What you will do:
Word for word, and with pictures excluded, copy out all the records that follow.

##### Data records

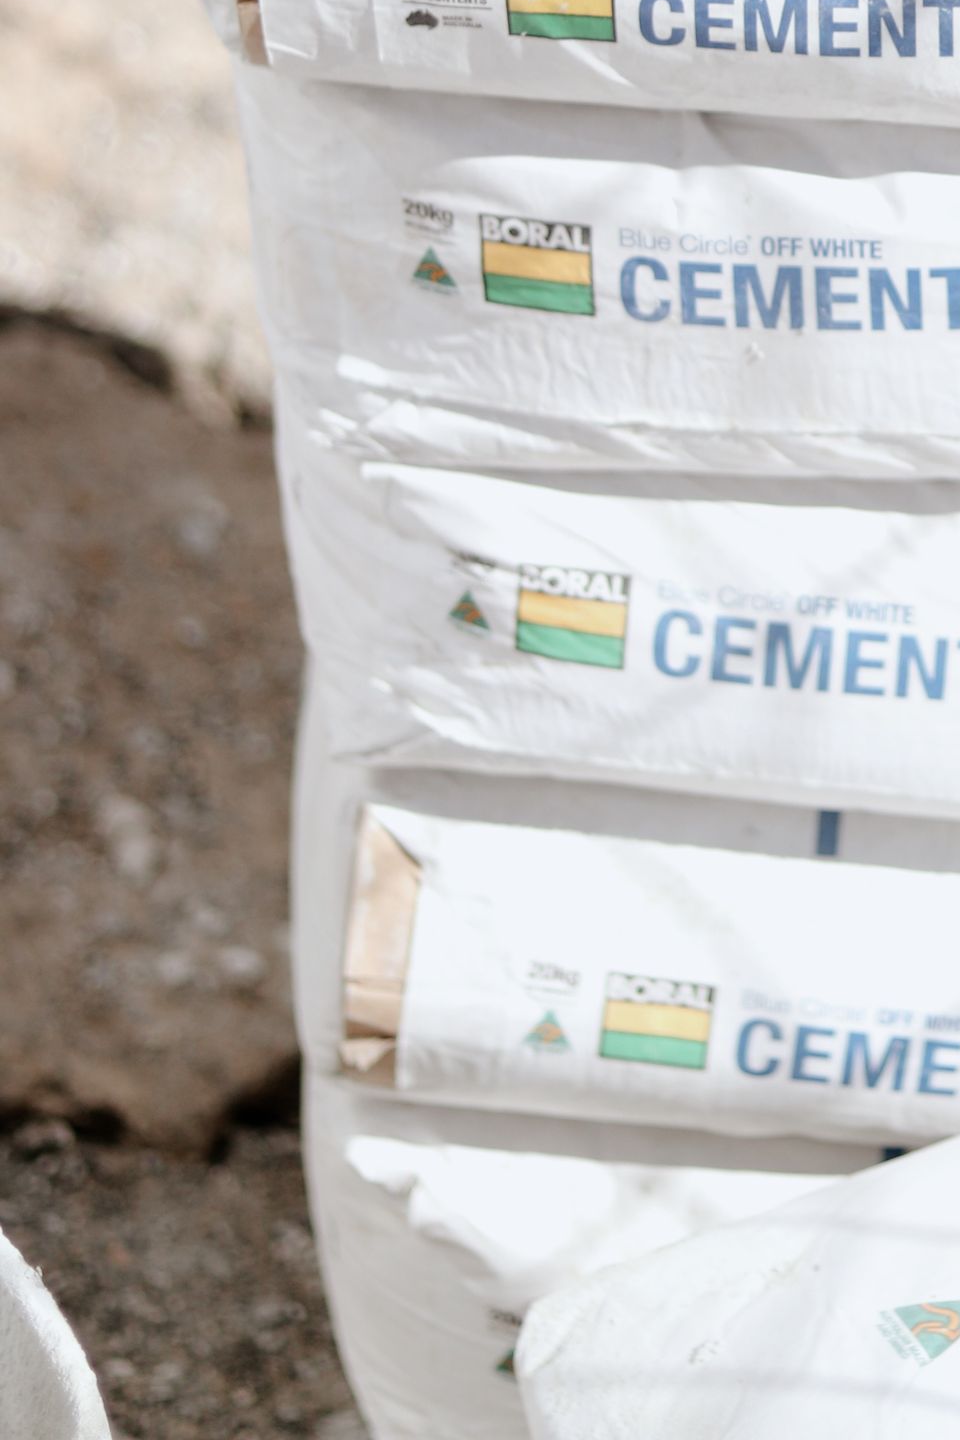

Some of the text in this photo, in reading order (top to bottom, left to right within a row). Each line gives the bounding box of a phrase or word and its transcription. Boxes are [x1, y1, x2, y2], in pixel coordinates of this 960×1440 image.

[481, 215, 590, 250] BORAL
[618, 227, 883, 260] Blue Circle OFF WHITE
[520, 566, 629, 601] BORAL
[795, 595, 839, 617] OFF
[845, 600, 917, 625] WHITE
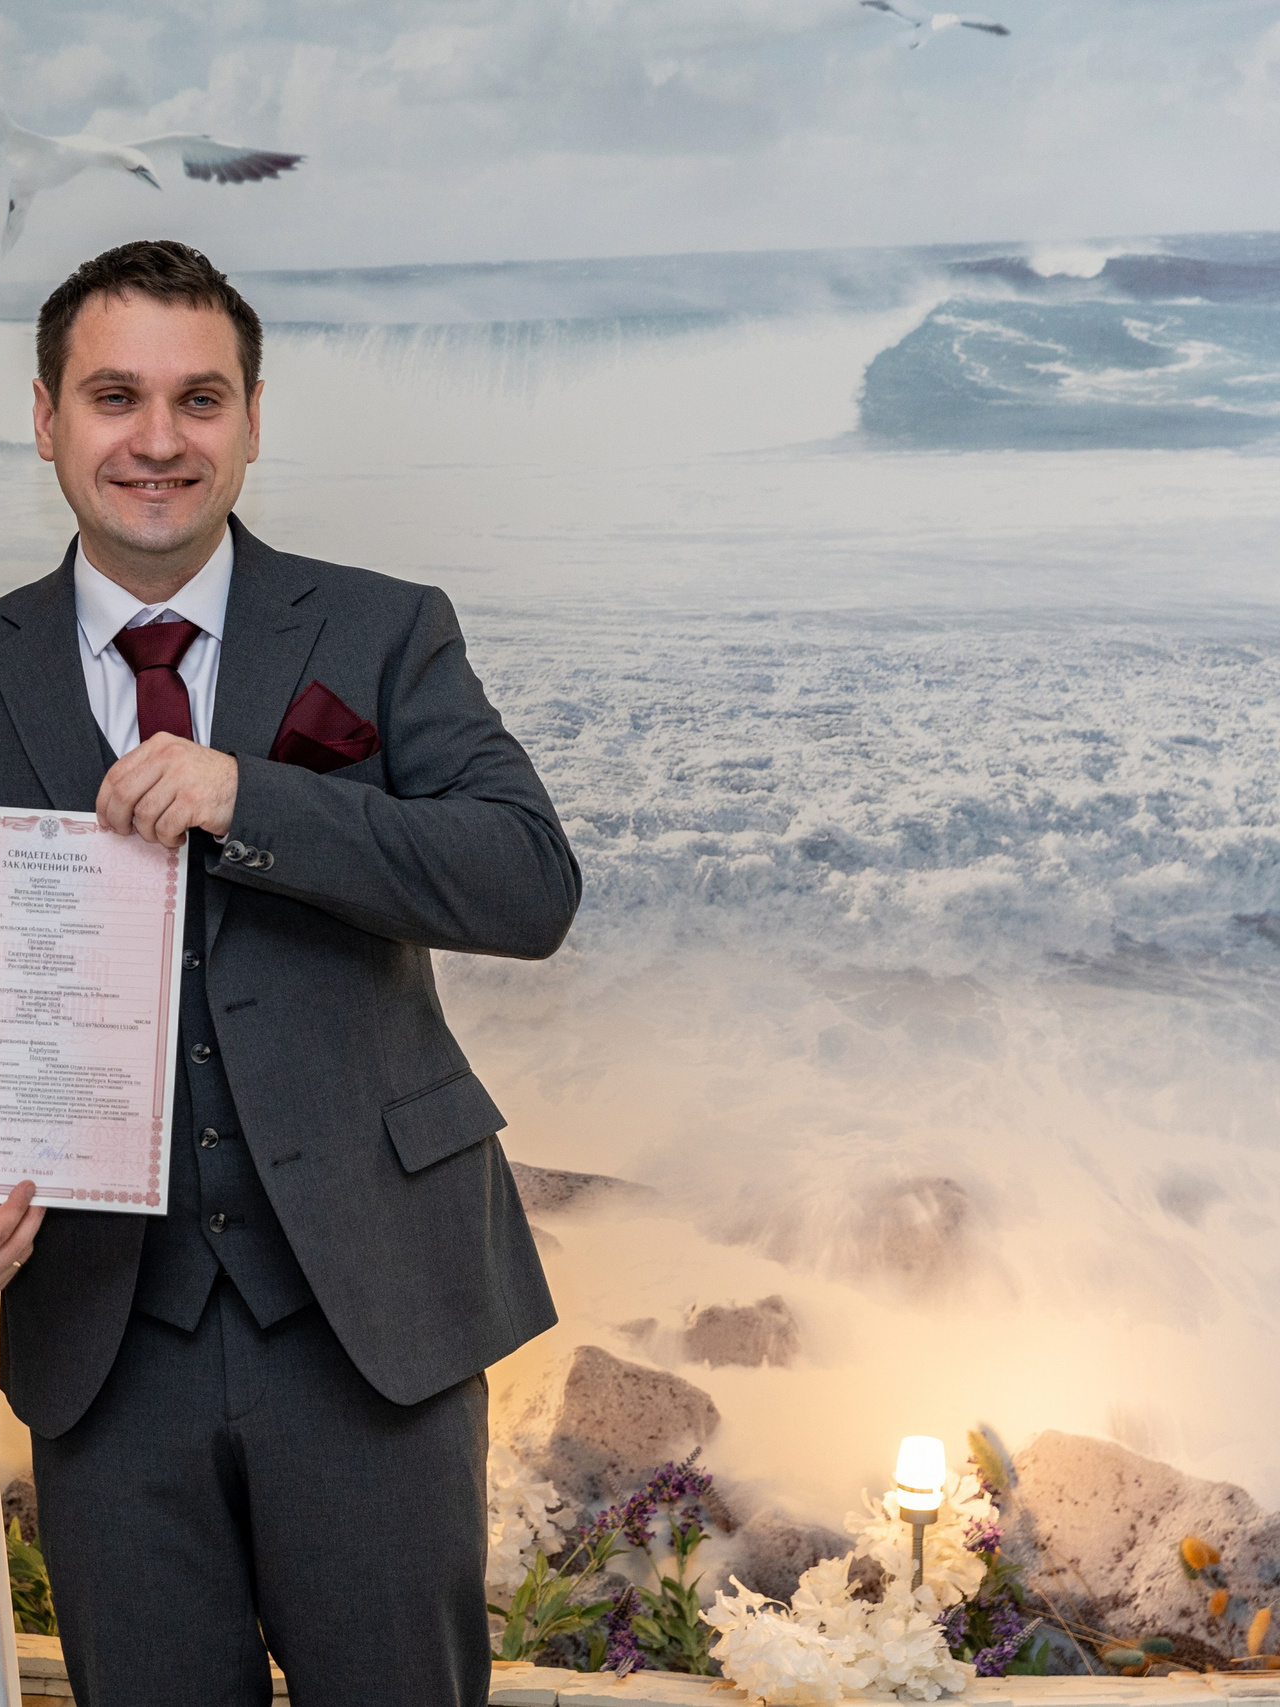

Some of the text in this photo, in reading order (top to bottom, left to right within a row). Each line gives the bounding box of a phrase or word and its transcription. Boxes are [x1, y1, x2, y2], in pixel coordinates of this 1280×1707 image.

[8, 849, 87, 862] СВИДЕТЕЛЬСТВО
[2, 860, 69, 872] ЗАКЛЮЧЕНИИ
[72, 865, 102, 874] БРАКА
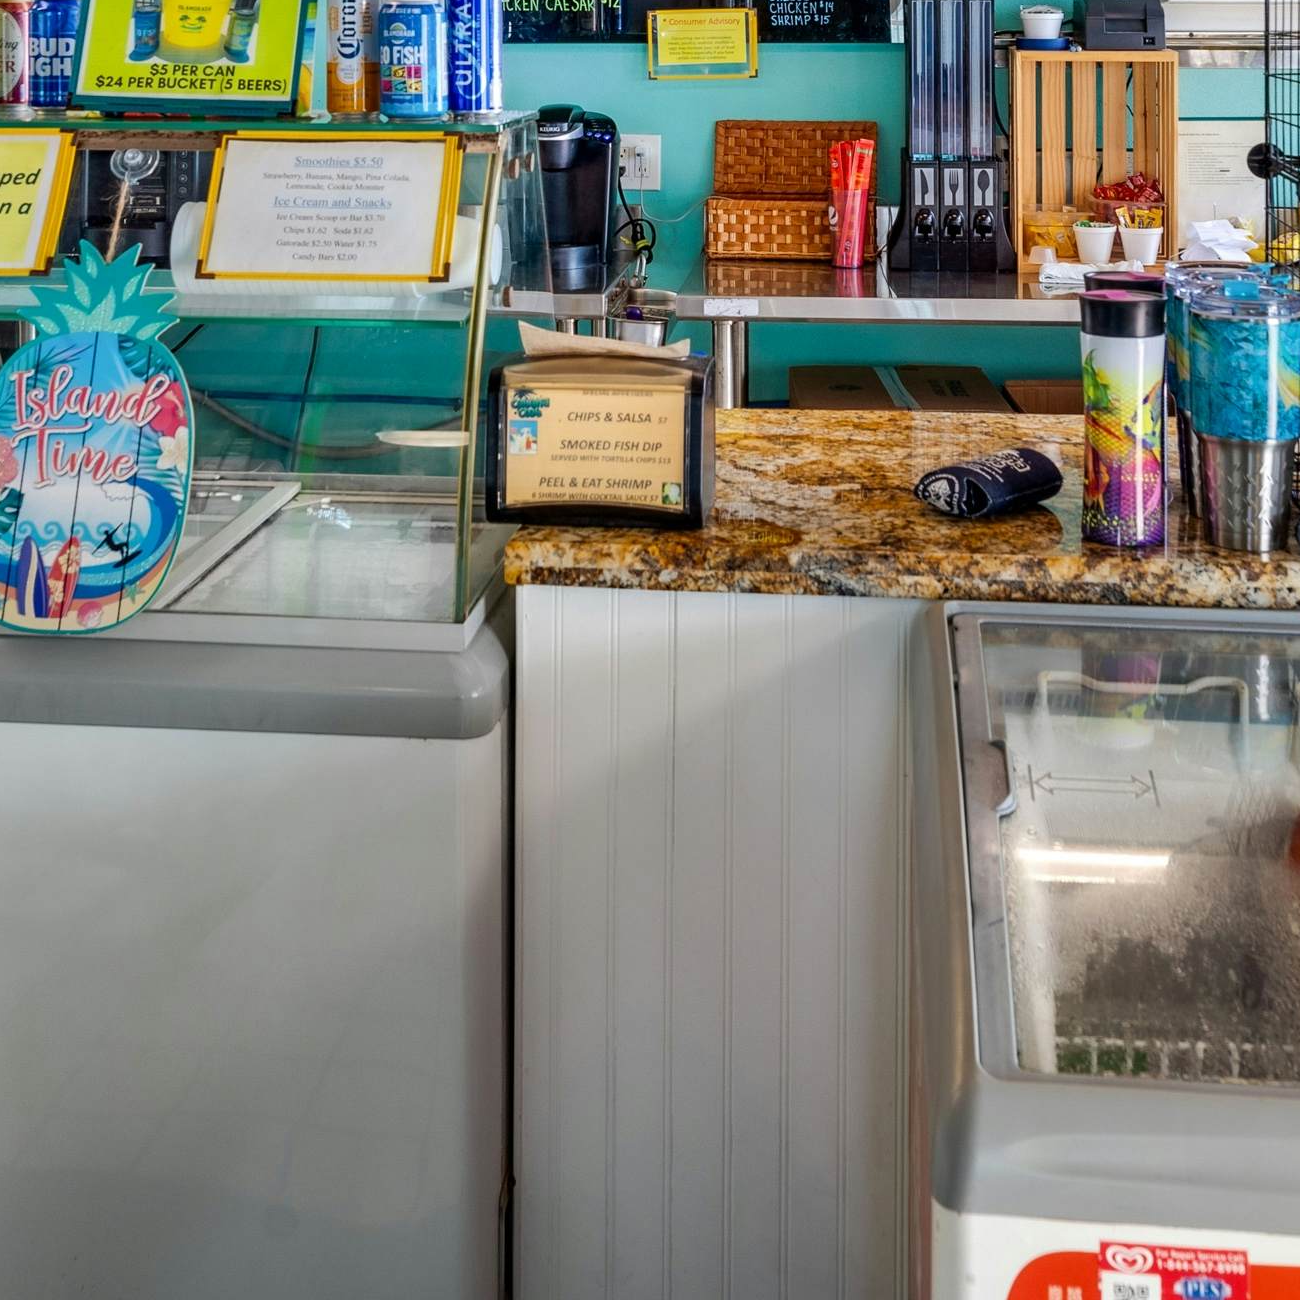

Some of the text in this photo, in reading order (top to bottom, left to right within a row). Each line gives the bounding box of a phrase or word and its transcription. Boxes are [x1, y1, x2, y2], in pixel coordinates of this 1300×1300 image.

[770, 1, 834, 14] CHICKEN $14
[771, 14, 830, 26] SHRIMP $15
[30, 38, 75, 56] BUD
[456, 3, 472, 85] ULTRA
[393, 46, 423, 64] FISH
[150, 65, 235, 76] $5 PER CAN
[95, 76, 287, 94] $24 PER BUCKET (5 BEERS)
[294, 156, 383, 168] Smoothies $5.50
[18, 202, 32, 215] a
[274, 196, 392, 209] Ice Cream and Snacks
[9, 364, 171, 429] Island
[567, 412, 652, 423] CHIPS & SALSA
[560, 440, 662, 451] SMOKED FISH DIP
[10, 422, 139, 488] Time
[540, 477, 652, 489] PEEL & EAT SHRIMP
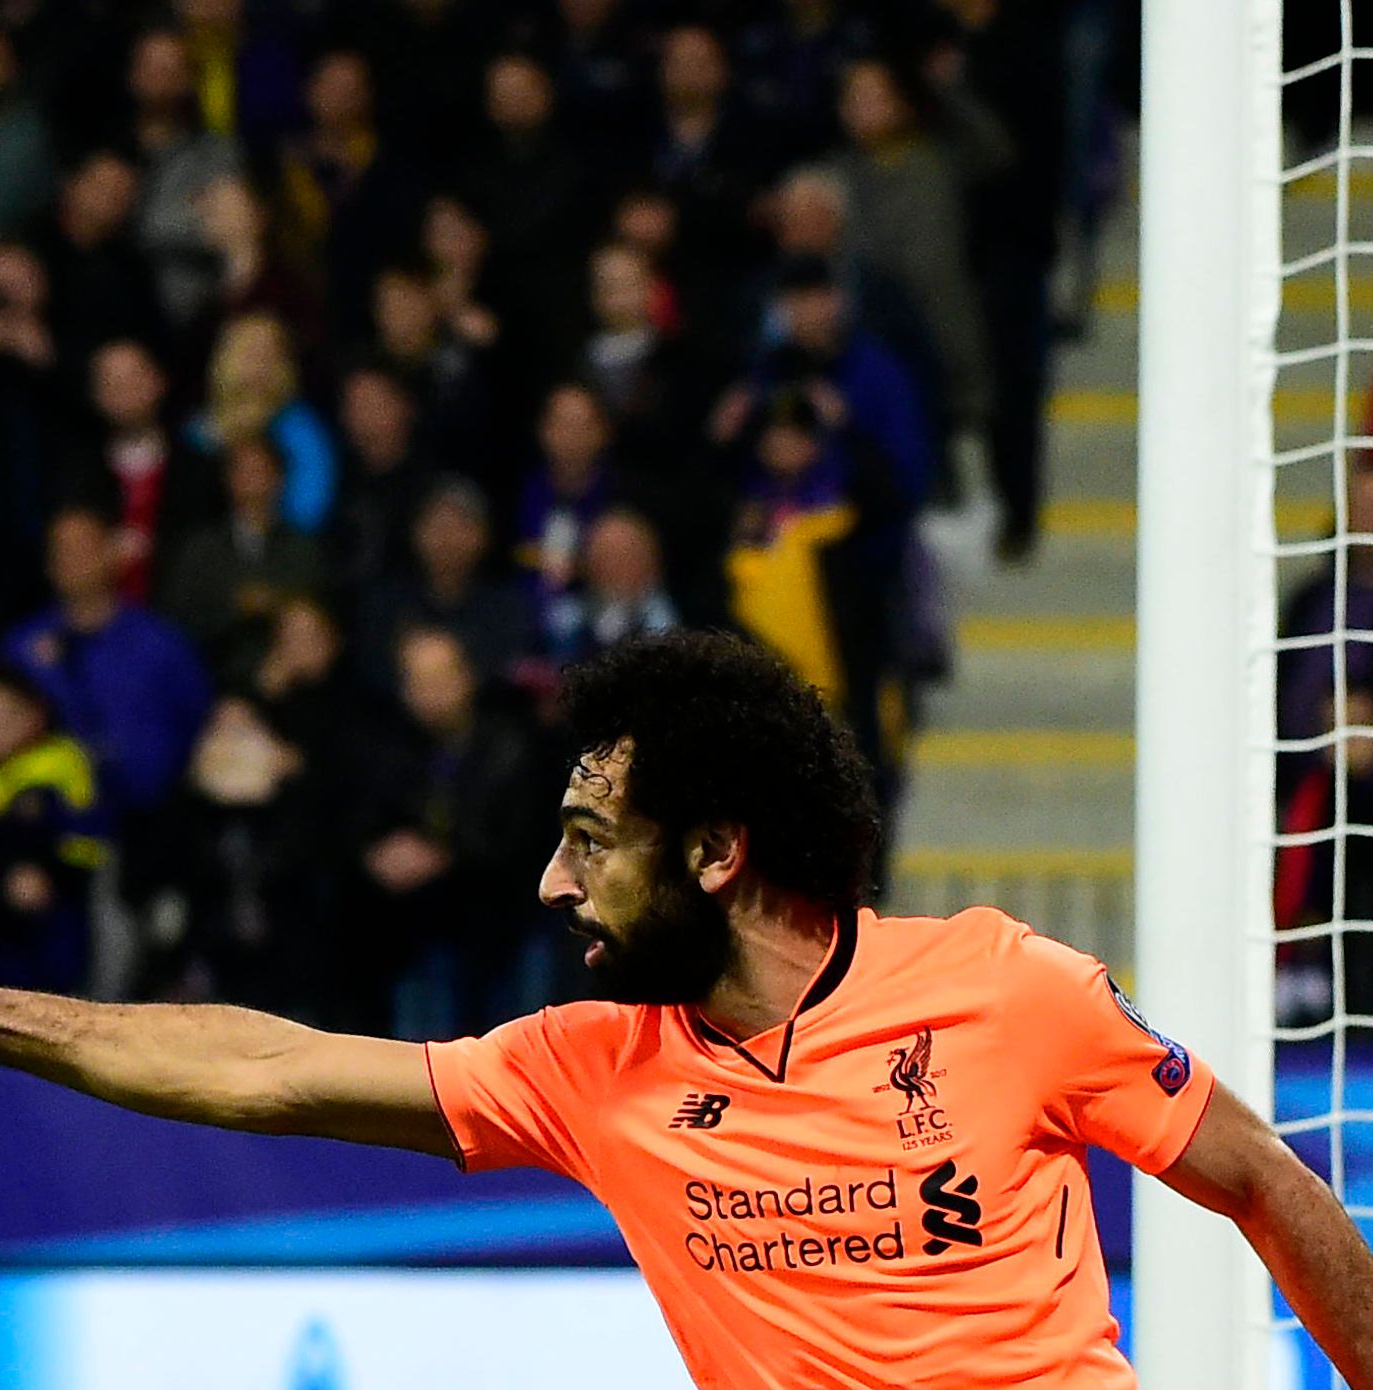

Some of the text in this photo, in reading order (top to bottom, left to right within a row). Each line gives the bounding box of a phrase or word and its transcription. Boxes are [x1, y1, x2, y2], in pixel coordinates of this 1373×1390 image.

##########

Result of this exercise:
Some of the text in this photo, in reading order (top to bottom, left to right within a row). Each line gives the bounding box of a phrase or word and its transcription. Boxes are [x1, y1, x2, y2], in pixel coordinates of this 960×1440 image.

[481, 215, 590, 250] BORAL
[618, 227, 883, 260] Blue Circle OFF WHITE
[520, 566, 629, 601] BORAL
[795, 595, 839, 617] OFF
[845, 600, 917, 625] WHITE

Some of the text in this photo, in reading order (top to bottom, left to right within a row). Each line gives the bounding box of a phrase or word and its transcription. Boxes are [x1, y1, x2, y2], in pixel coordinates of this 1280×1707 image.

[8, 849, 87, 862] СВИДЕТЕЛЬСТВО
[2, 860, 69, 872] ЗАКЛЮЧЕНИИ
[72, 865, 102, 874] БРАКА

Some of the text in this photo, in reading order (top to bottom, left to right within a row). Each line gives the bounding box of a phrase or word and its transcription. Boxes are [x1, y1, x2, y2], in pixel coordinates of this 1300×1300 image.

[770, 1, 834, 14] CHICKEN $14
[771, 14, 830, 26] SHRIMP $15
[30, 38, 75, 56] BUD
[456, 3, 472, 85] ULTRA
[393, 46, 423, 64] FISH
[150, 65, 235, 76] $5 PER CAN
[95, 76, 287, 94] $24 PER BUCKET (5 BEERS)
[294, 156, 383, 168] Smoothies $5.50
[18, 202, 32, 215] a
[274, 196, 392, 209] Ice Cream and Snacks
[9, 364, 171, 429] Island
[567, 412, 652, 423] CHIPS & SALSA
[560, 440, 662, 451] SMOKED FISH DIP
[10, 422, 139, 488] Time
[540, 477, 652, 489] PEEL & EAT SHRIMP

Some of the text in this photo, in reading order (top to bottom, left to right within a row). Each line gives the bounding box of a phrase or word and its transcription. Boxes are [x1, y1, x2, y2], in pixel coordinates of this 1373×1390 image.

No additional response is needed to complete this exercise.